On the v1 patch, I missed the check for the request callback. So, the request
gets removed even though the callback doesn't run.

Thanks,
Masa

On 4/8/19 11:06 AM, Anders Wallin wrote:
> Hi Masa,
> 
> looks like it solves the problem reported by Josef, BUT it breaks DTLSUDP.
> I run the tests w/o analyzing why.
> To reproduce the issue I did the following using net-snmp master branch,
> plus these patches
> 39485c6f2 - snmplib/snmp_api: Remove the request on the session when the
> sending is failed (10 minutes ago) <Masayoshi Mizuma>
> 06a4d52d8 - agentx: logging to late responses (5 days ago) <Anders Wallin>
> a420d87d3 - BUG2914: Agent master needs to treat resend as normal (5 days
> ago) <Anders Wallin>
> eaad09d04 - (origin/master, origin/HEAD, master) Merge branch
> 'V5-8-patches' (9 weeks ago) <Bart Van Assche>
> 
> $ ./configure --prefix=/usr \
>                 --with-persistent-directory=/var/lib/net-snmp \
>                 --with-mib-modules='smux tlstm-mib tsm-mib examples/example
> examples/notification' \
>                 --with-security-modules="tsm" \
>                 --with-transports="TLSTCP DTLSUDP" \
>                 --enable-shared \
>                 --with-defaults \
>                 --enable-ipv6 \
>                 --with-cflags="-g -O2" \
>                 --without-elf
> 
> $ make install
> $ cd testing
> $ ./RUNFULLTESTS -g tls
> DTLS-UDP user certificate tests .......................... 41/?

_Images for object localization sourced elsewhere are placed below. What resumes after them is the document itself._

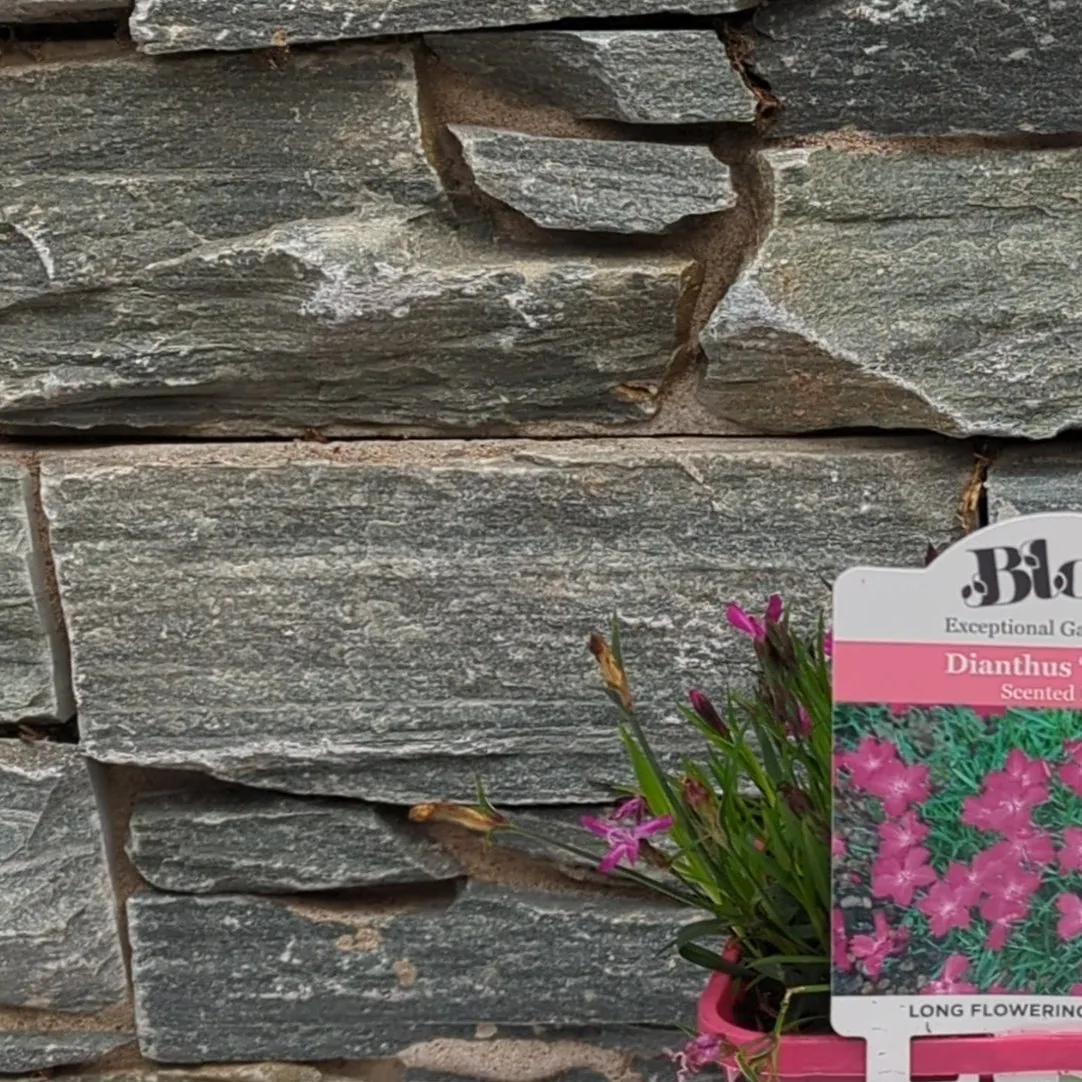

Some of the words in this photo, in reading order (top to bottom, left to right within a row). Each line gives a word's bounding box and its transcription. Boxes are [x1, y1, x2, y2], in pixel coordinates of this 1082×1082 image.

[945, 618, 1054, 638] Exceptional
[944, 652, 1072, 677] Dianthus
[1001, 684, 1075, 701] Scented
[909, 1003, 964, 1018] LONG
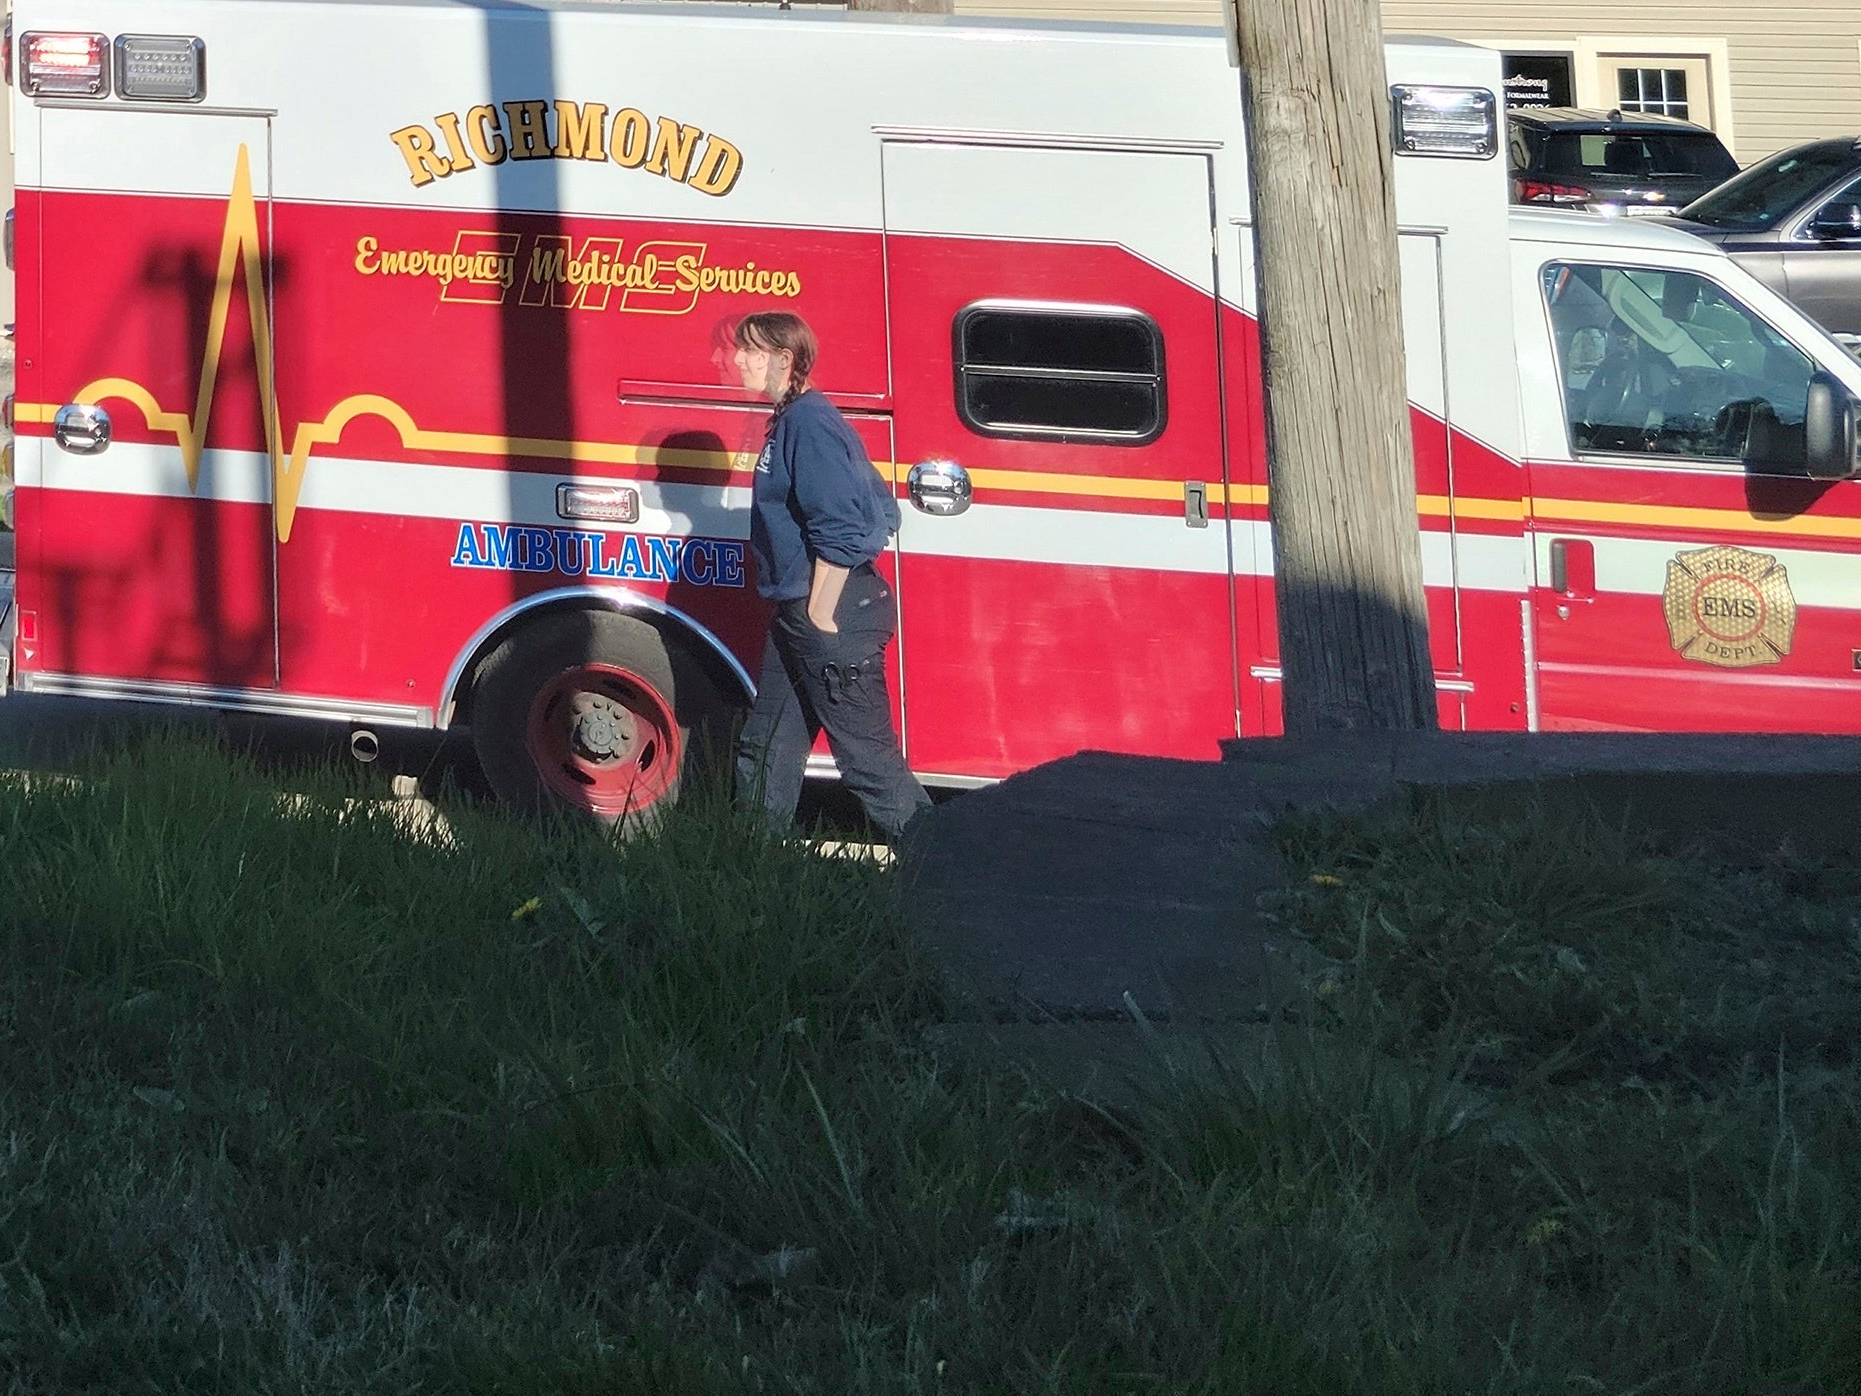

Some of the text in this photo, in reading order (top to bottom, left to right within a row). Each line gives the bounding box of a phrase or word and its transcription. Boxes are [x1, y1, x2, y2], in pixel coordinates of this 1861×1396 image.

[390, 99, 743, 197] RICHMOND
[354, 236, 802, 298] Emergency Medical Services
[440, 230, 708, 315] EMS
[450, 523, 745, 588] AMBULANCE
[1702, 559, 1751, 574] FIRE
[1702, 596, 1756, 618] EMS
[1704, 641, 1763, 660] DEPT.

>  This hangs forever in "41" with snmpd.log saying....
> ......
> 2019-04-08 16:29:11
> 2019-04-08 16:29:11
> Received 0 byte packet from DTLSUDP: unknown
> 2019-04-08 16:29:11
> 2019-04-08 16:29:13
> Received 0 byte packet from DTLSUDP: unknown
> 2019-04-08 16:29:13
> 2019-04-08 16:29:15
> Received 0 byte packet from DTLSUDP: unknown
> 2019-04-08 16:29:15
> 2019-04-08 16:29:15 tls verification failure: ok=0 ctx=0x55ee625b4170
> depth=0 err=18:self signed certificate
> 2019-04-08 16:29:15 ---- OpenSSL Related Errors: ----
> 2019-04-08 16:29:15  TLS error: SSL_read: rc=-1, sslerror = 1
> (SSL_ERROR_SSL)
> 2019-04-08 16:29:15  TLS Error: certificate verify failed
> 2019-04-08 16:29:15 ---- End of OpenSSL Errors ----
> 2019-04-08 16:29:15 ---- OpenSSL Related Errors: ----
> 2019-04-08 16:29:15 TLS error: SSL_read: rc=-1, sslerror = 5
> (SSL_ERROR_SYSCALL): system_error=0 (Success)

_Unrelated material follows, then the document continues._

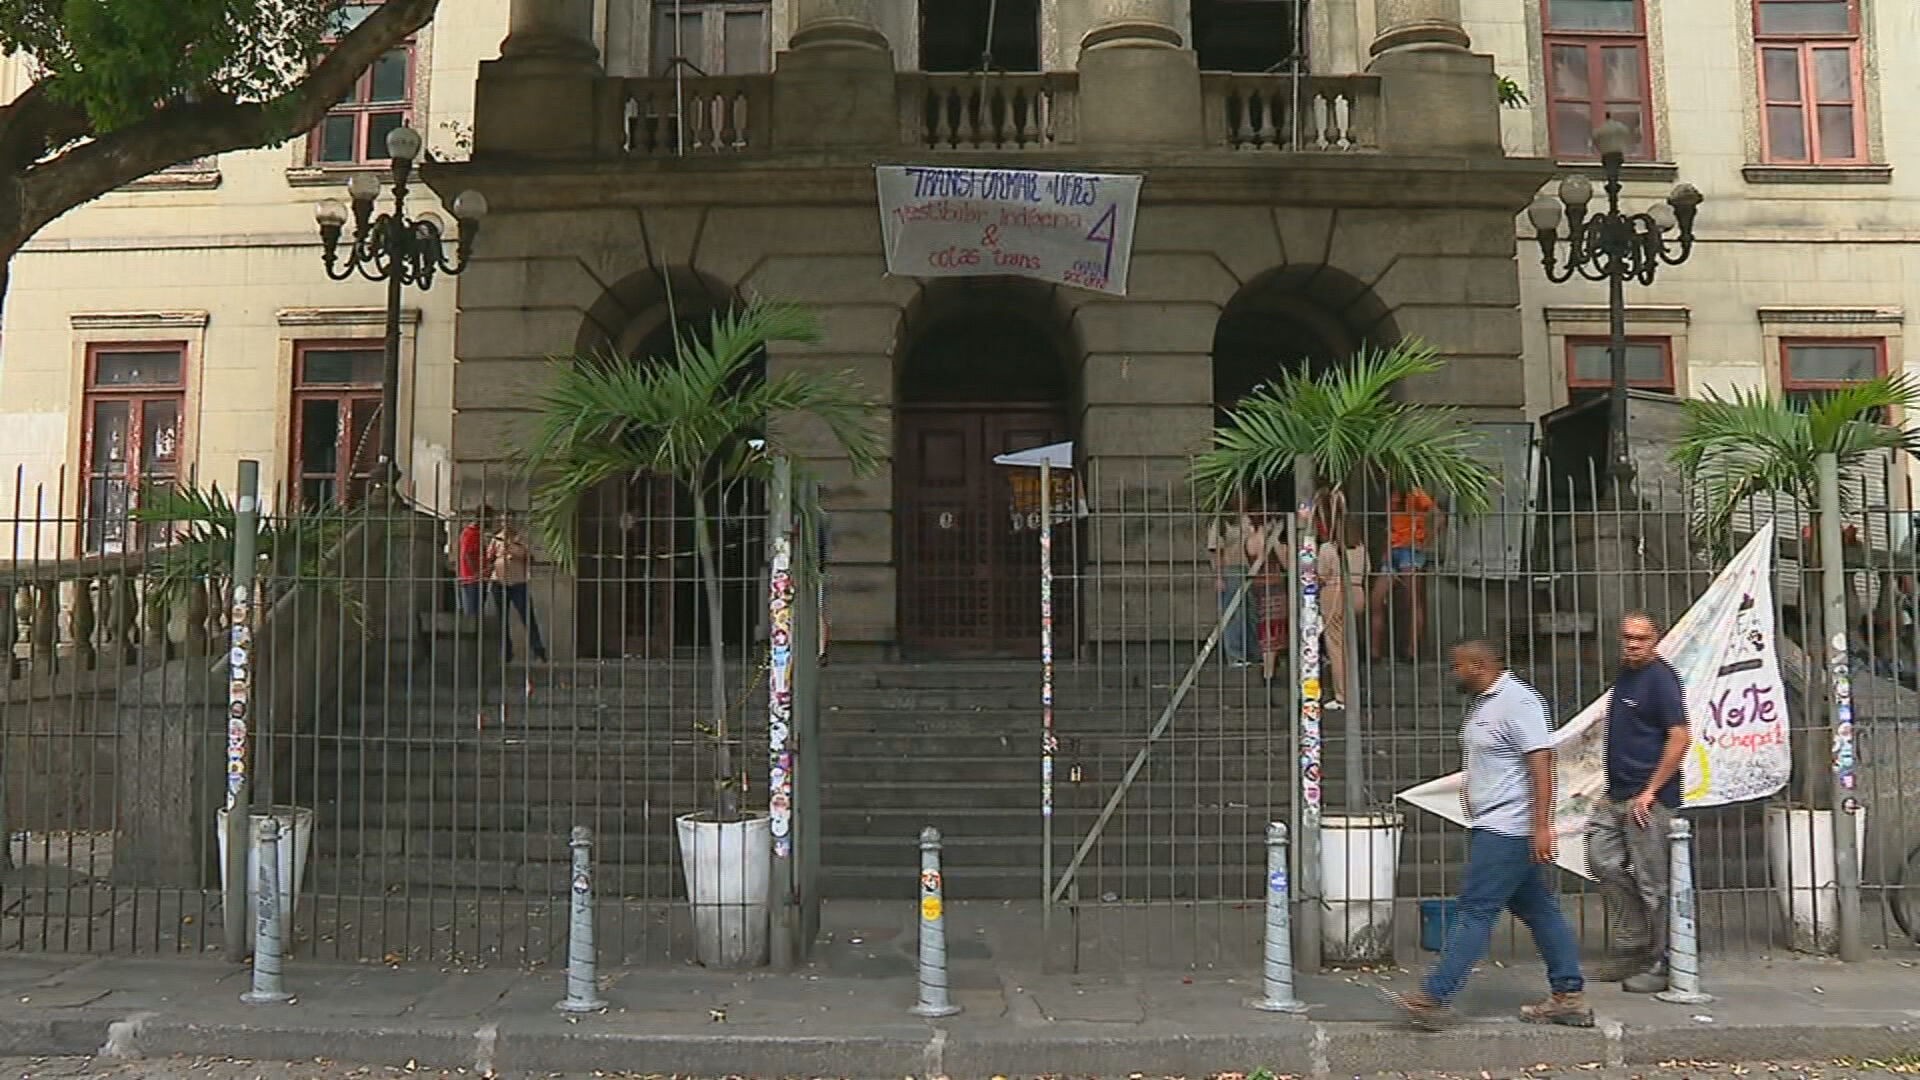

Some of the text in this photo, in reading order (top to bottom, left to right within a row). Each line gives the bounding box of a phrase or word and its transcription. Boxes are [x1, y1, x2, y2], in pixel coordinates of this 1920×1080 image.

> 2019-04-08 16:29:15 TLS Error: (null)
> 2019-04-08 16:29:16 ---- OpenSSL Related Errors: ----
> 2019-04-08 16:29:16 TLS error: SSL_read: rc=-1, sslerror = 5
> (SSL_ERROR_SYSCALL): system_error=0 (Success)

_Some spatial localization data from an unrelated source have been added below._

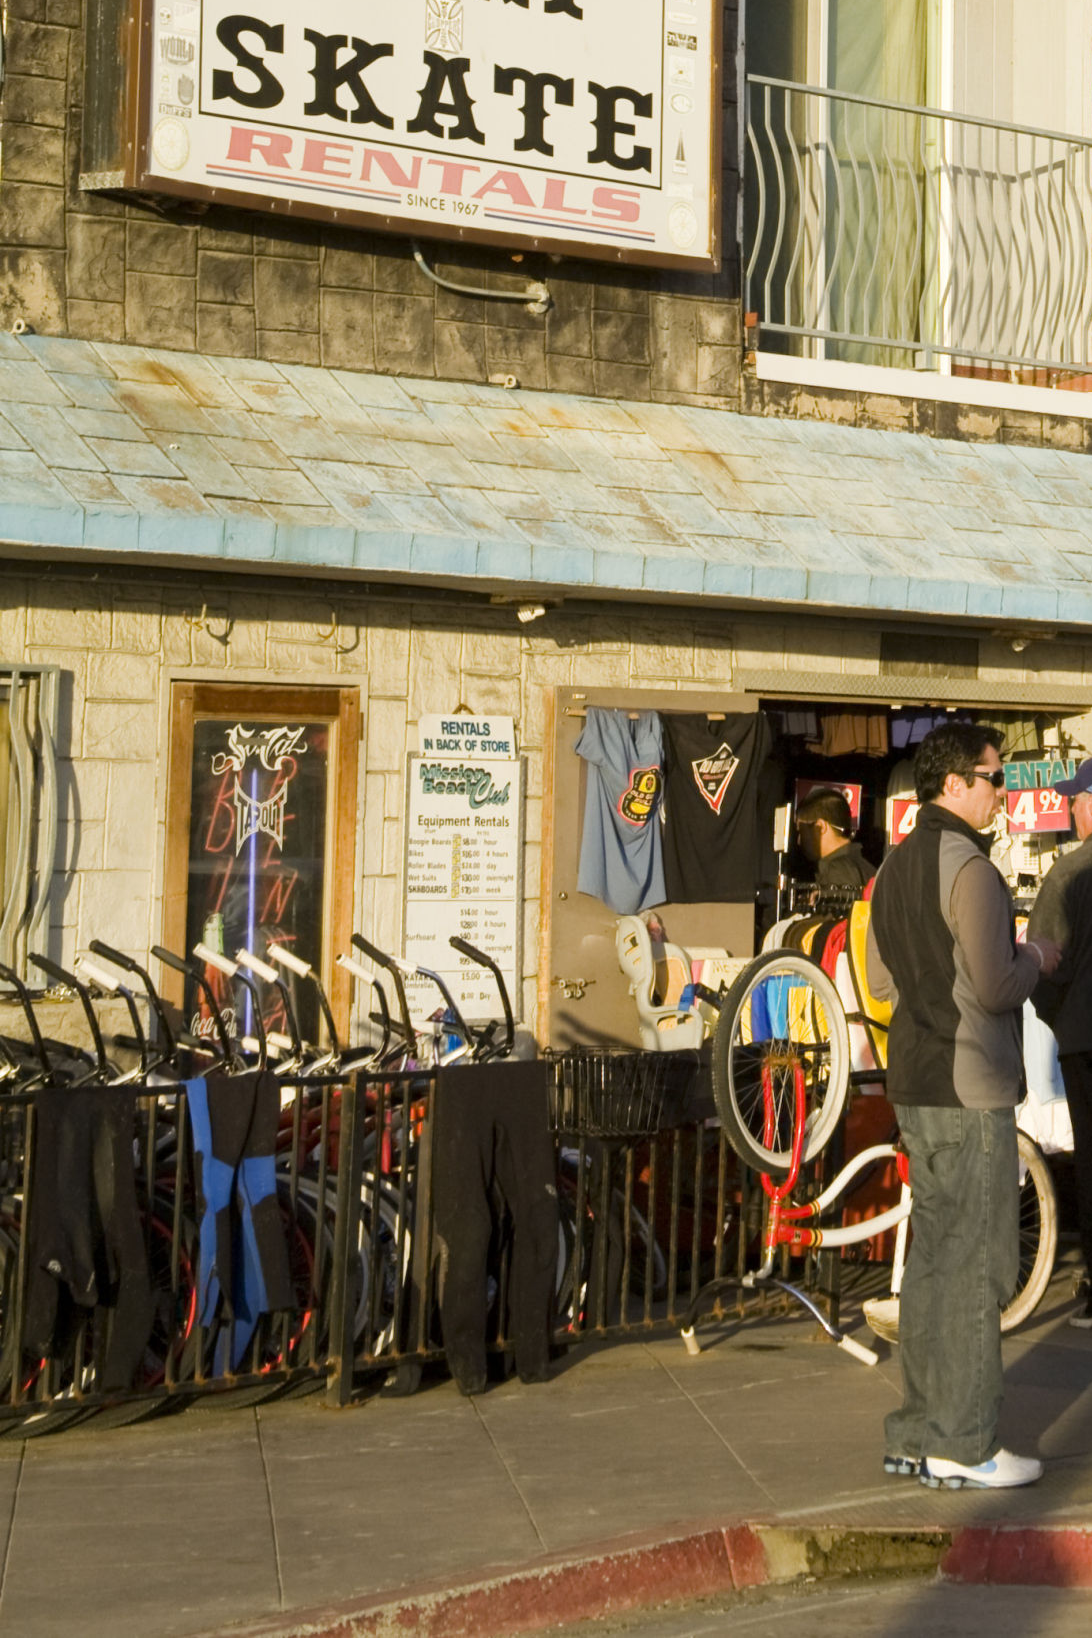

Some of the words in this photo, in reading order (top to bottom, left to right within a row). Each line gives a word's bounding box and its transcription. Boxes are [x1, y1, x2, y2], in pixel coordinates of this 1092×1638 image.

[211, 13, 655, 175] SKATE
[224, 124, 643, 223] RENTALS
[406, 192, 448, 214] SINCE
[451, 197, 480, 218] 1967
[441, 721, 491, 736] RENTALS
[424, 738, 433, 751] IN
[436, 739, 462, 751] BACK
[464, 739, 477, 752] OF
[480, 740, 511, 753] STORE
[420, 762, 486, 781] Mission
[468, 772, 512, 810] Club
[417, 815, 470, 829] Equipment
[474, 815, 510, 828] Rentals
[461, 972, 481, 981] 15.00

> 2019-04-08 16:29:16 TLS Error: (null)
> 2019-04-08 16:29:16 ---- OpenSSL Related Errors: ----
> 2019-04-08 16:29:16 TLS error: SSL_read: rc=-1, sslerror = 5
> (SSL_ERROR_SYSCALL): system_error=0 (Success)
> 2019-04-08 16:29:16 TLS Error: (null)
> 
> With the fix suggested på Josef I don't see the DTLSUDP problem, but maybe
> there are other problems.
> 
> Regards
> Anders Wallin
> 
> PS. thx for adding commit info to a420d87d3, I updated the patch with your
> commit comments
> 
> 
> On Mon, Apr 8, 2019 at 3:27 PM Masayoshi Mizuma <msys.miz...@gmail.com>
> wrote:
> 
>> Hi Josef,
>>
>> I attach two patches to fix the memory inconsistency if the request is
>> resend and timed out.
>> Could you try them?
>>
>> - 0001-agentx-master-Return-when-NETSNMP_CALLBACK_OP_RESEND.patch
>>
>>   This patch was posted by Anders, and I tried to add the description.
>>   This patch fixes the missing NETSNMP_CALLBACK_OP_RESEND callback.
>>
>> - 0002-snmplib-snmp_api-Remove-the-request-on-the-session-w.patch
>>
>>   This patch fixes the race between NETSNMP_CALLBACK_OP_SEND_FAILED
>>   and NETSNMP_CALLBACK_OP_TIMED_OUT callback. If the request is failed,
>>   then remove the request from the internal session.
>>
>> Thanks,
>> Masa
>>
>> On 4/3/19 9:34 AM, Anders Wallin wrote:
>>> The introduction of that code fixes another issue;
>>> "commit 56c30b11f3616ea4f0c38a21e08e78f050096020
>>> Author: Bill Fenner <fen...@gmail.com>
>>> Date:   Wed Dec 20 21:52:10 2017 +0000
>>>
>>>     NEWS: snmplib: PATCH: 1349: Fix perl/other crash against bad SNMPv3
>>> agent
>>>
>>>     With the patch in 1214, the snmp_api code assumed that if magic was
>>>     set, it was the "struct synch-state" from snmp_client.  Of course,
>>>     magic belongs to the caller, and the perl library uses it
>> differently,
>>>     so reaching into it is verboten.  Introduce a new callback (that
>>>     was already introduced in 5.8) to report this "retries exceeded"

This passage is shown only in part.